#### How to complete this task
Copy every entry exactly as it stands, though any image it holds should stay out of the copy.

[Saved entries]
++++++++++

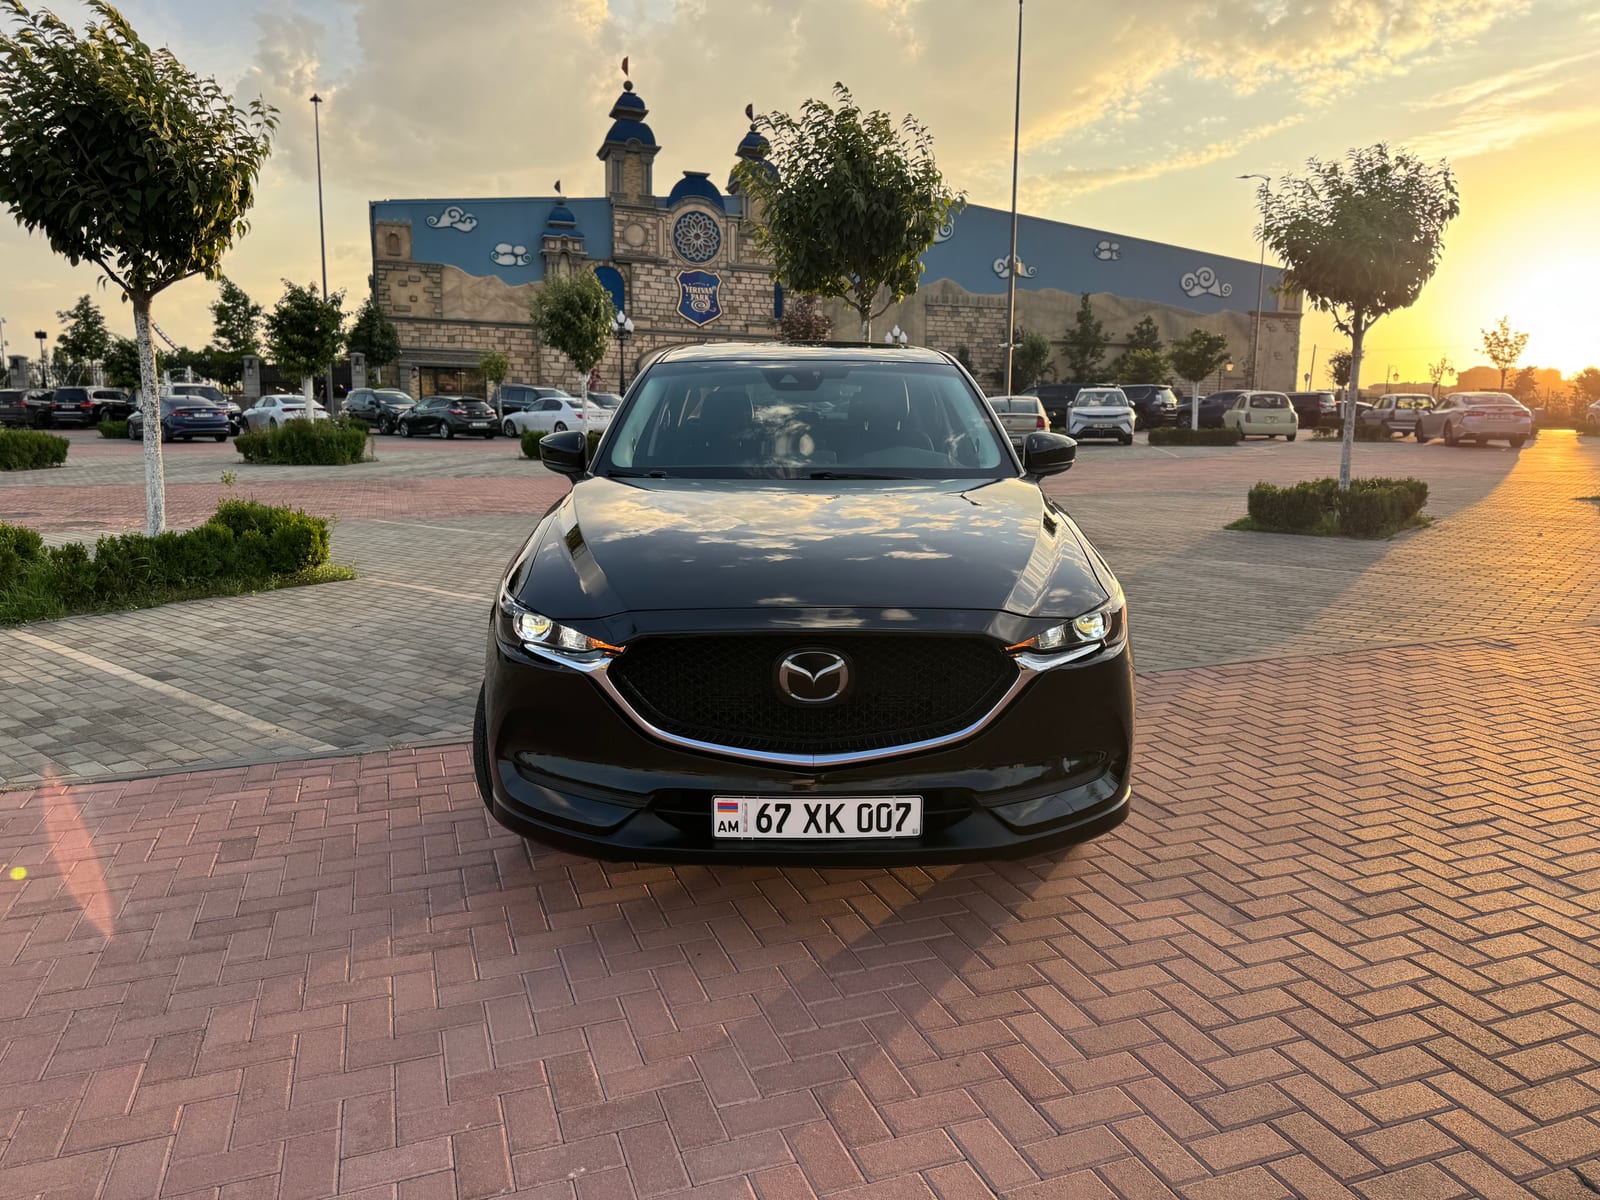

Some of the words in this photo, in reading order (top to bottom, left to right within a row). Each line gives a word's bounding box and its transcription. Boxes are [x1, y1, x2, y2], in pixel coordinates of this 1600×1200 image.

[717, 820, 739, 832] AM
[756, 803, 792, 833] 67
[803, 803, 846, 833] XK
[857, 803, 912, 833] 007

++++++++++

#### Answer space
Some of the words in this photo, in reading order (top to bottom, left to right within a row). Each line gives a word's bounding box and its transcription. Boxes are [x1, y1, x2, y2], in pixel coordinates of this 1600×1200 image.

[717, 820, 739, 832] AM
[756, 803, 792, 833] 67
[803, 803, 846, 833] XK
[857, 803, 912, 833] 007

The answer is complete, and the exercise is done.